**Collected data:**
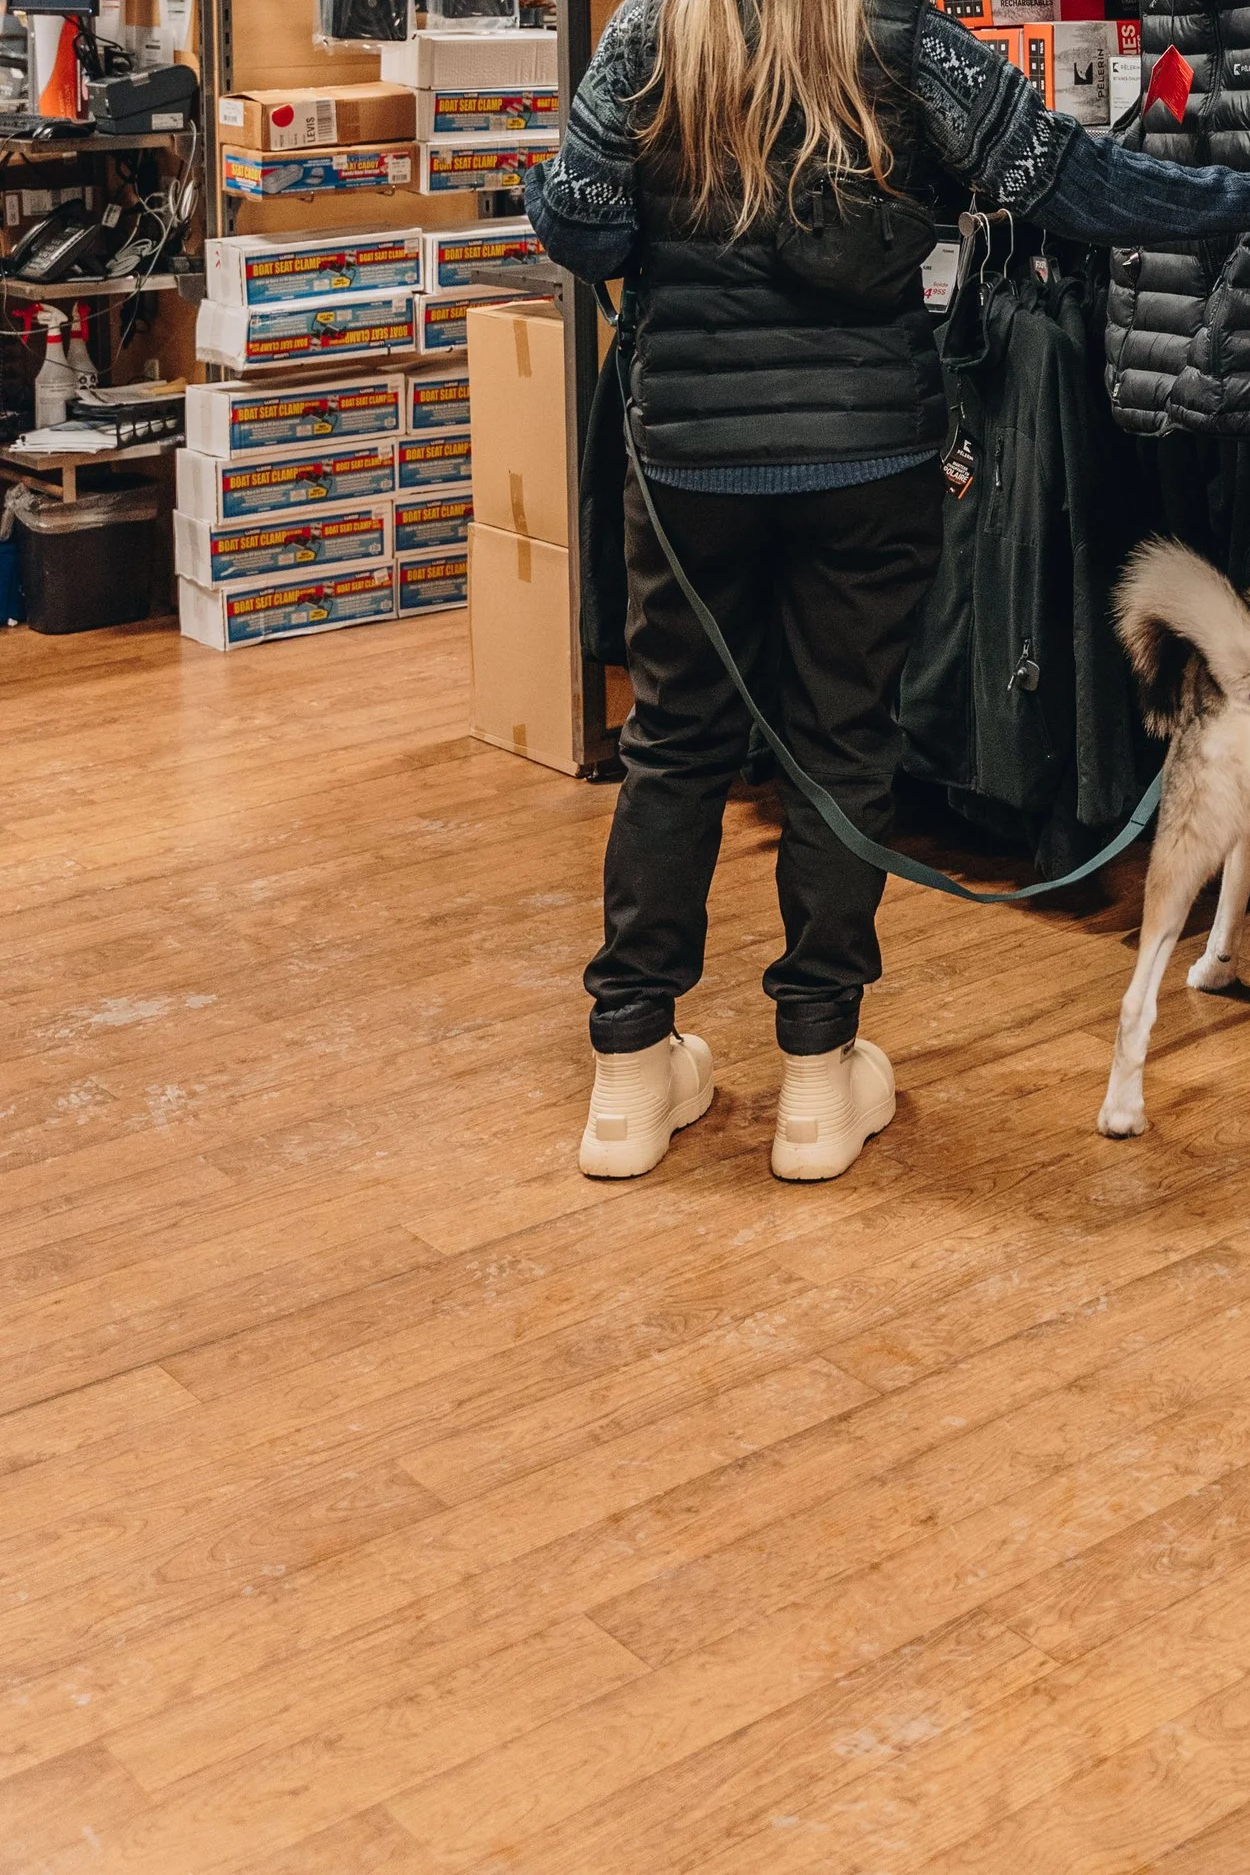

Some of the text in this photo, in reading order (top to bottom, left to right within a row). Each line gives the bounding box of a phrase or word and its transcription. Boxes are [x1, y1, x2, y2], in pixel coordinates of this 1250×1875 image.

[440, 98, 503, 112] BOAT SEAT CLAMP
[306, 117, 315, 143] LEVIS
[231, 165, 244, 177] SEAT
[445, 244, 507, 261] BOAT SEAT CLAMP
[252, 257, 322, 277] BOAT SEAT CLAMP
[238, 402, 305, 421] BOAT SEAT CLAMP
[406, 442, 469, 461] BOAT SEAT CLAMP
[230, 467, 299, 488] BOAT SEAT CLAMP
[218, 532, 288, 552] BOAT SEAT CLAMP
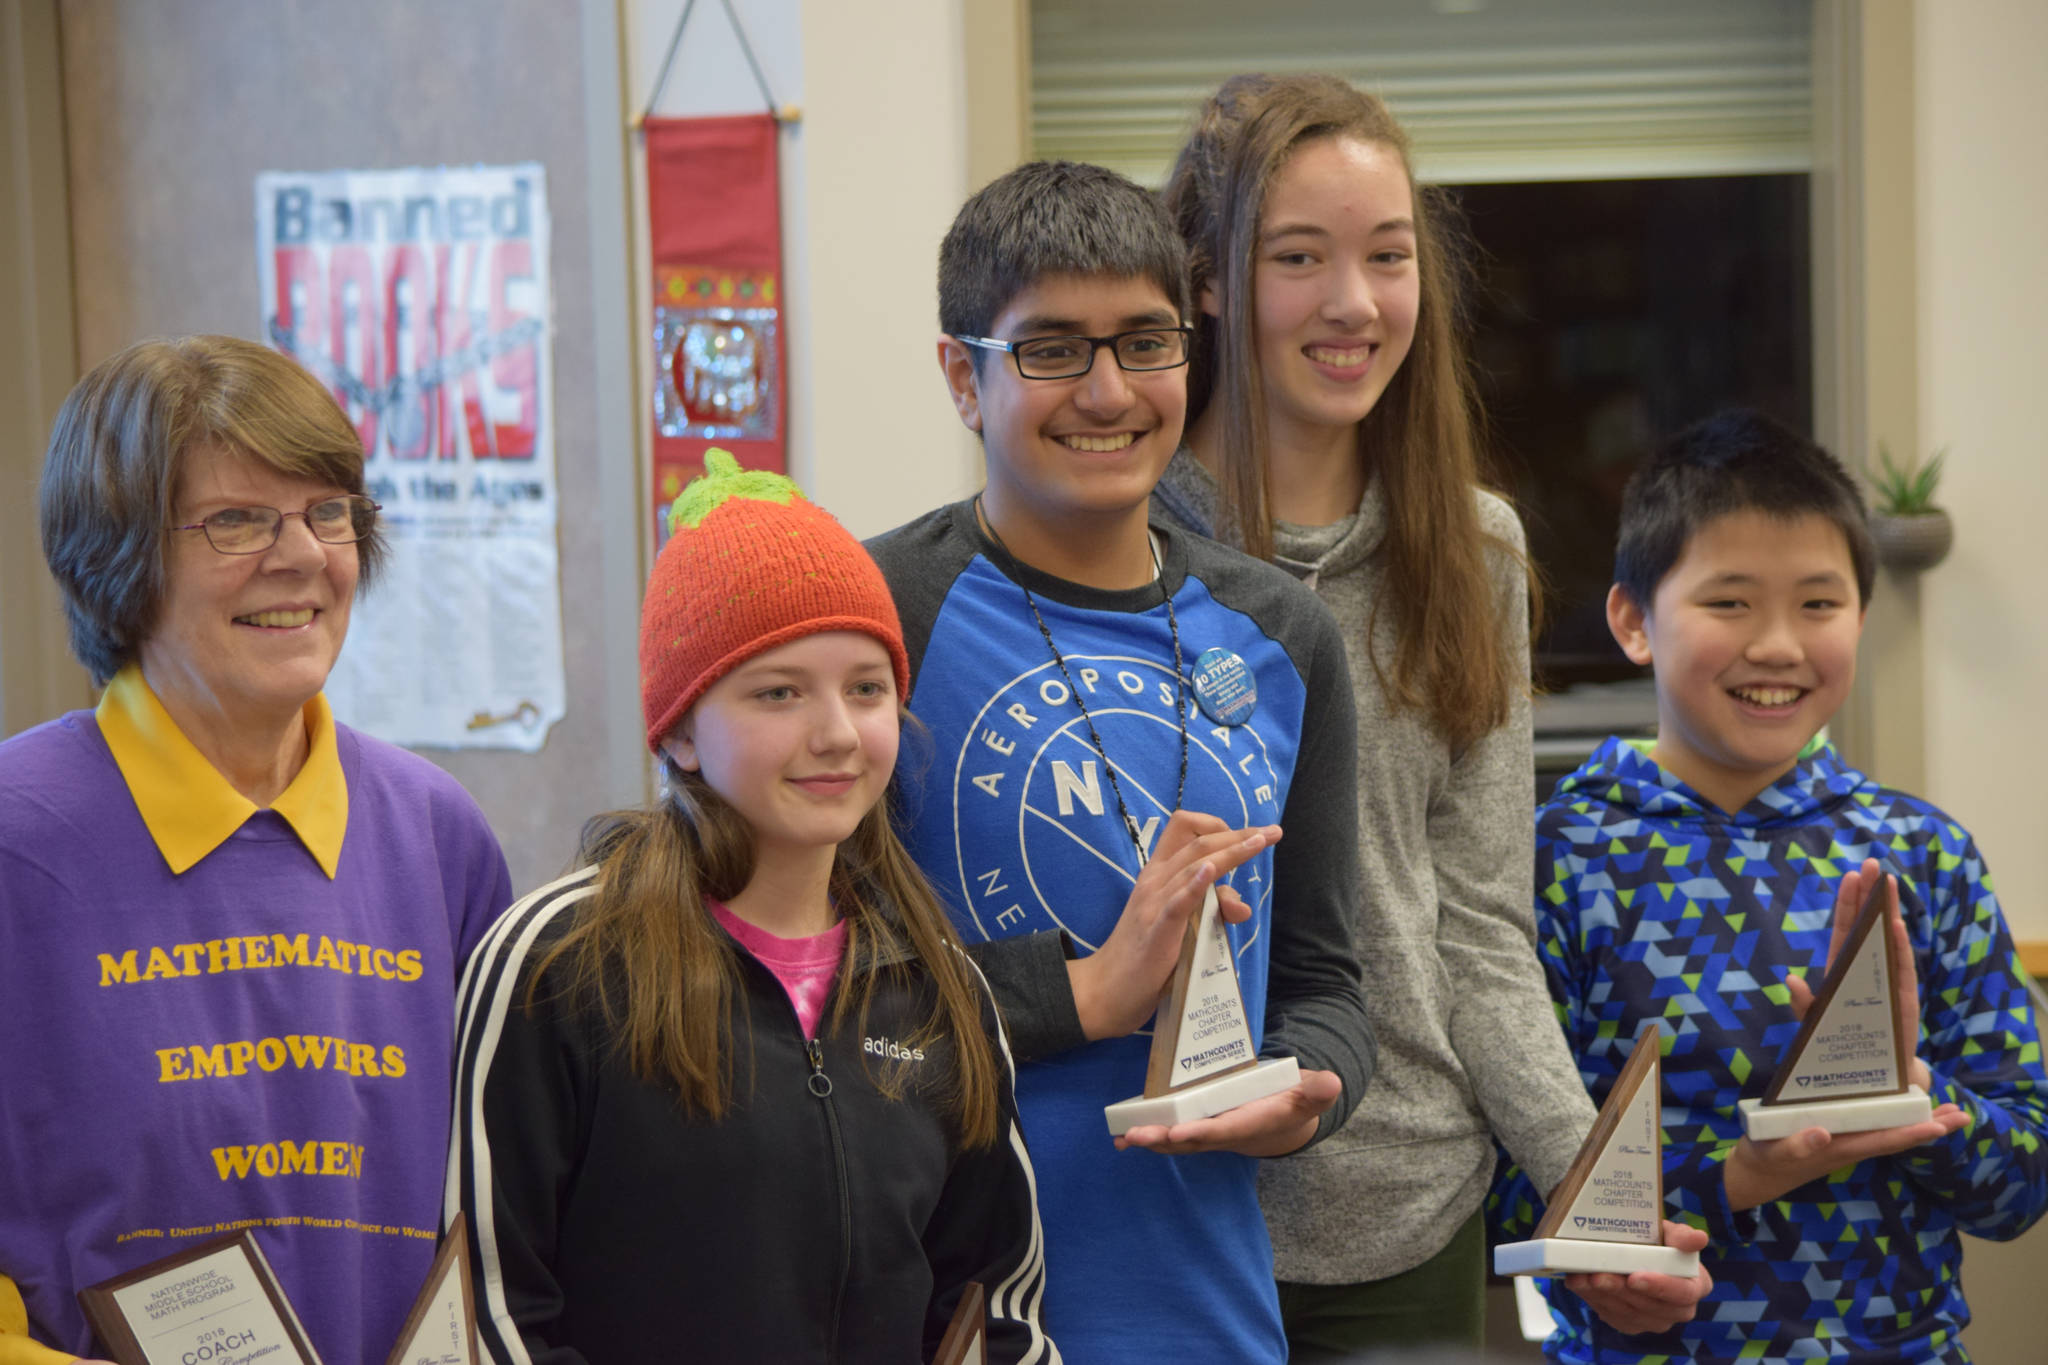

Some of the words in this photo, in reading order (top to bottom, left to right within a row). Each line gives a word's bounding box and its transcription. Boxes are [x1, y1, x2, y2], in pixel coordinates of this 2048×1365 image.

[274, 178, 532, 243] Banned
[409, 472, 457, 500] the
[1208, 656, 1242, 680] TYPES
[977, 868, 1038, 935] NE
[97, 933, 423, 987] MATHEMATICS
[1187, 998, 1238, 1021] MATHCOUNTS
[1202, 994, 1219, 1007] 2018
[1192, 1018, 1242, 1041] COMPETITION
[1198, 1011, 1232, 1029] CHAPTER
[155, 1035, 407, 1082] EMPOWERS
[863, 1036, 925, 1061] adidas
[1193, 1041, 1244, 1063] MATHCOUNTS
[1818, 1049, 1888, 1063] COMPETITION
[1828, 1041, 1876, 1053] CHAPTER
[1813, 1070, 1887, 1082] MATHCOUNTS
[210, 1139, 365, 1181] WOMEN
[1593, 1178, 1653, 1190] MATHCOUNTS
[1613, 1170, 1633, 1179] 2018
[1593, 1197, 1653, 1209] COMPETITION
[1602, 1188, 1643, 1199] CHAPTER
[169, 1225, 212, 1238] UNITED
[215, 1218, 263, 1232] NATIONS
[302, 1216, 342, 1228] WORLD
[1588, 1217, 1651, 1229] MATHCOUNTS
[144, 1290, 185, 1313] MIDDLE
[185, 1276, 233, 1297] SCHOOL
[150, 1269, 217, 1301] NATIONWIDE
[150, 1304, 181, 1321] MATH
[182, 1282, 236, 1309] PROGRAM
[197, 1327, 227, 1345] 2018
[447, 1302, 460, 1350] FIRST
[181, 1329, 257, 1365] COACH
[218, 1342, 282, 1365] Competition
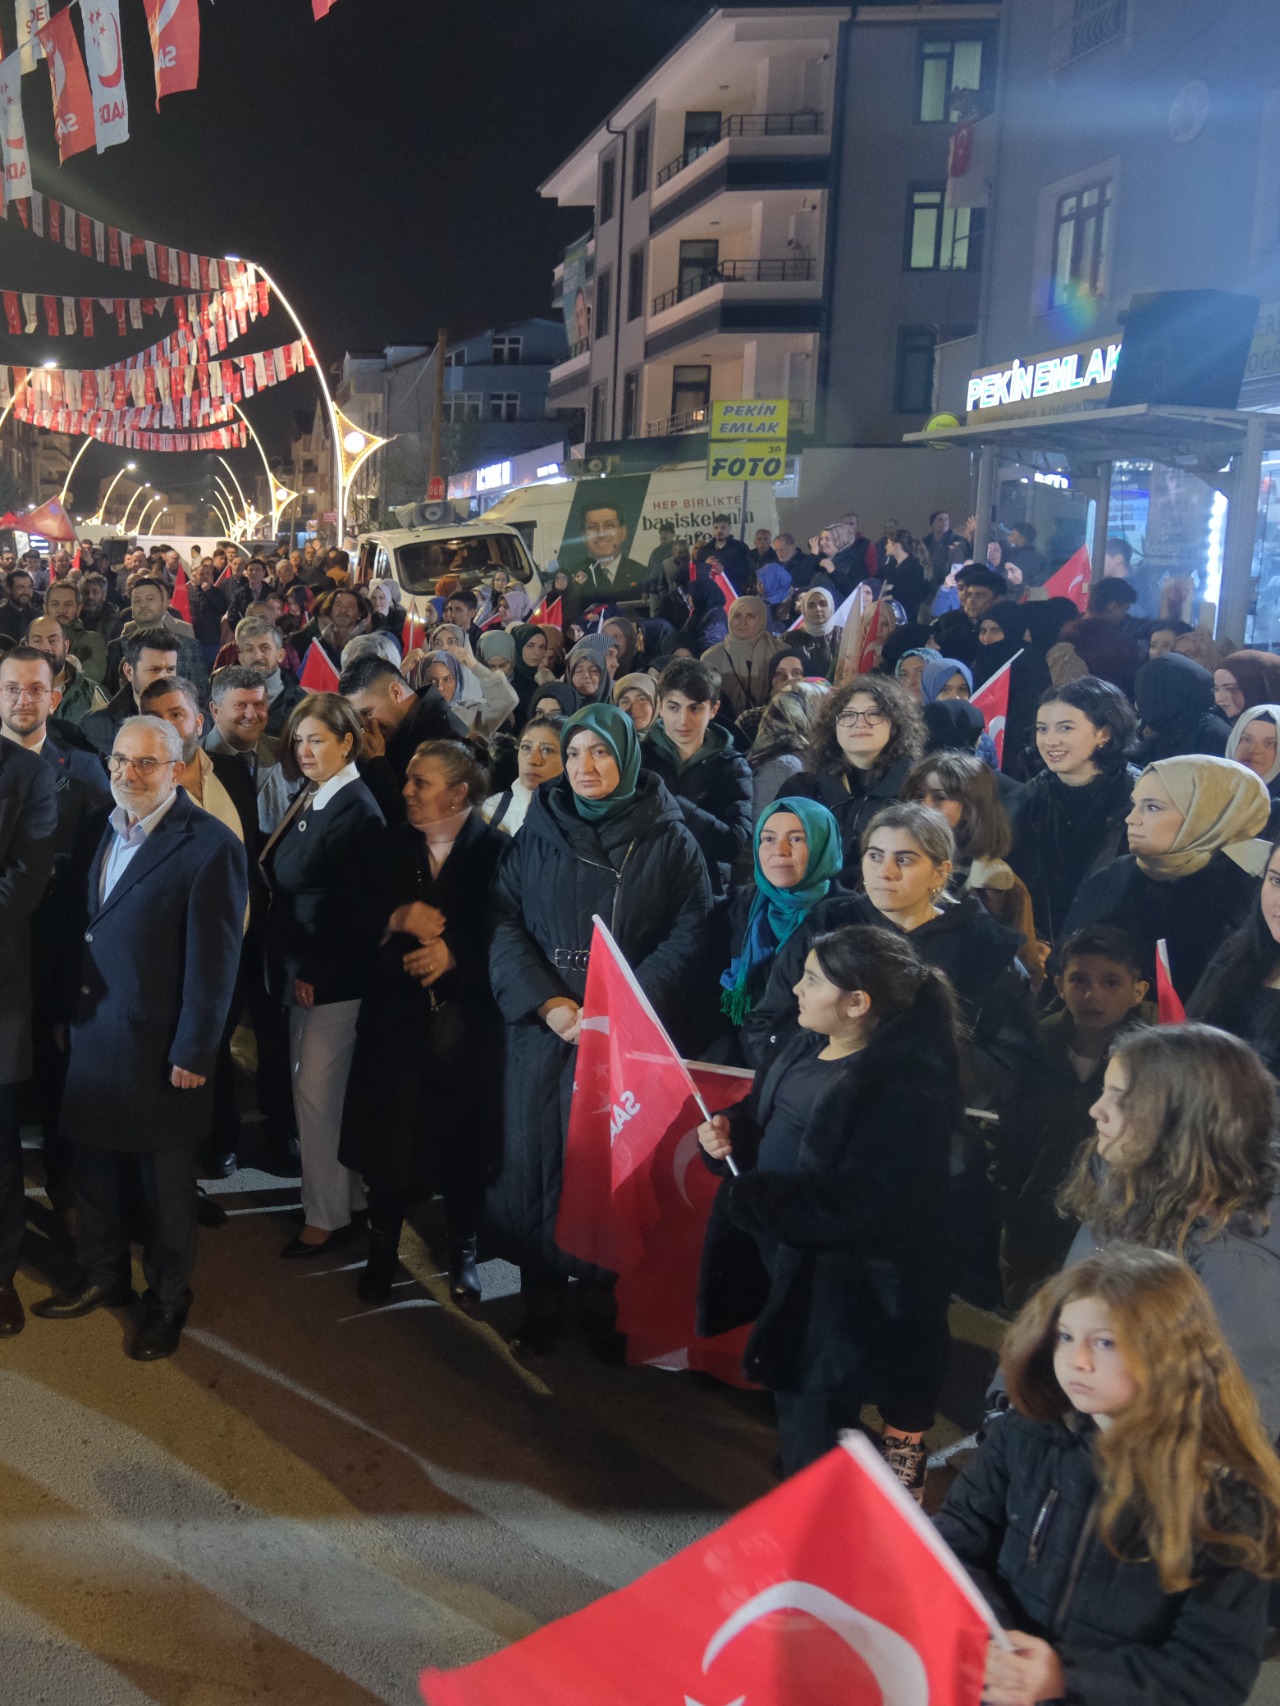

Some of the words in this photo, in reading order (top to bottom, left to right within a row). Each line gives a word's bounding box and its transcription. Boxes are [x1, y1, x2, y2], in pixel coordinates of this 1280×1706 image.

**What the task requires:**
The records are to be duplicated in full and exactly, with images left out.

**Your response:**
Some of the text in this photo, in reading order (top to bottom, left to right within a row). Each line gives the bounding box of a phrase or word and its transcription. Boxes are [x1, y1, x2, y2], in pixel coordinates of this 1250×1875 image.

[440, 98, 503, 112] BOAT SEAT CLAMP
[306, 117, 315, 143] LEVIS
[231, 165, 244, 177] SEAT
[445, 244, 507, 261] BOAT SEAT CLAMP
[252, 257, 322, 277] BOAT SEAT CLAMP
[238, 402, 305, 421] BOAT SEAT CLAMP
[406, 442, 469, 461] BOAT SEAT CLAMP
[230, 467, 299, 488] BOAT SEAT CLAMP
[218, 532, 288, 552] BOAT SEAT CLAMP

Some of the words in this photo, in reading order (top to bottom, left to right within a row). Each line gives a word's bounding box and its transcription. Boxes are [x1, y1, x2, y2], in pixel coordinates of this 2048×1365 image.

[274, 178, 532, 243] Banned
[409, 472, 457, 500] the
[1208, 656, 1242, 680] TYPES
[977, 868, 1038, 935] NE
[97, 933, 423, 987] MATHEMATICS
[1187, 998, 1238, 1021] MATHCOUNTS
[1202, 994, 1219, 1007] 2018
[1192, 1018, 1242, 1041] COMPETITION
[1198, 1011, 1232, 1029] CHAPTER
[155, 1035, 407, 1082] EMPOWERS
[863, 1036, 925, 1061] adidas
[1193, 1041, 1244, 1063] MATHCOUNTS
[1818, 1049, 1888, 1063] COMPETITION
[1828, 1041, 1876, 1053] CHAPTER
[1813, 1070, 1887, 1082] MATHCOUNTS
[210, 1139, 365, 1181] WOMEN
[1593, 1178, 1653, 1190] MATHCOUNTS
[1613, 1170, 1633, 1179] 2018
[1593, 1197, 1653, 1209] COMPETITION
[1602, 1188, 1643, 1199] CHAPTER
[169, 1225, 212, 1238] UNITED
[215, 1218, 263, 1232] NATIONS
[302, 1216, 342, 1228] WORLD
[1588, 1217, 1651, 1229] MATHCOUNTS
[144, 1290, 185, 1313] MIDDLE
[185, 1276, 233, 1297] SCHOOL
[150, 1269, 217, 1301] NATIONWIDE
[150, 1304, 181, 1321] MATH
[182, 1282, 236, 1309] PROGRAM
[197, 1327, 227, 1345] 2018
[447, 1302, 460, 1350] FIRST
[181, 1329, 257, 1365] COACH
[218, 1342, 282, 1365] Competition

Some of the words in this photo, in reading order (top to bottom, left to right within a row). Each line gives a word's bounding box and its transcription. Boxes are [x1, y1, x2, y2], in pixel coordinates of this 1280×1706 image.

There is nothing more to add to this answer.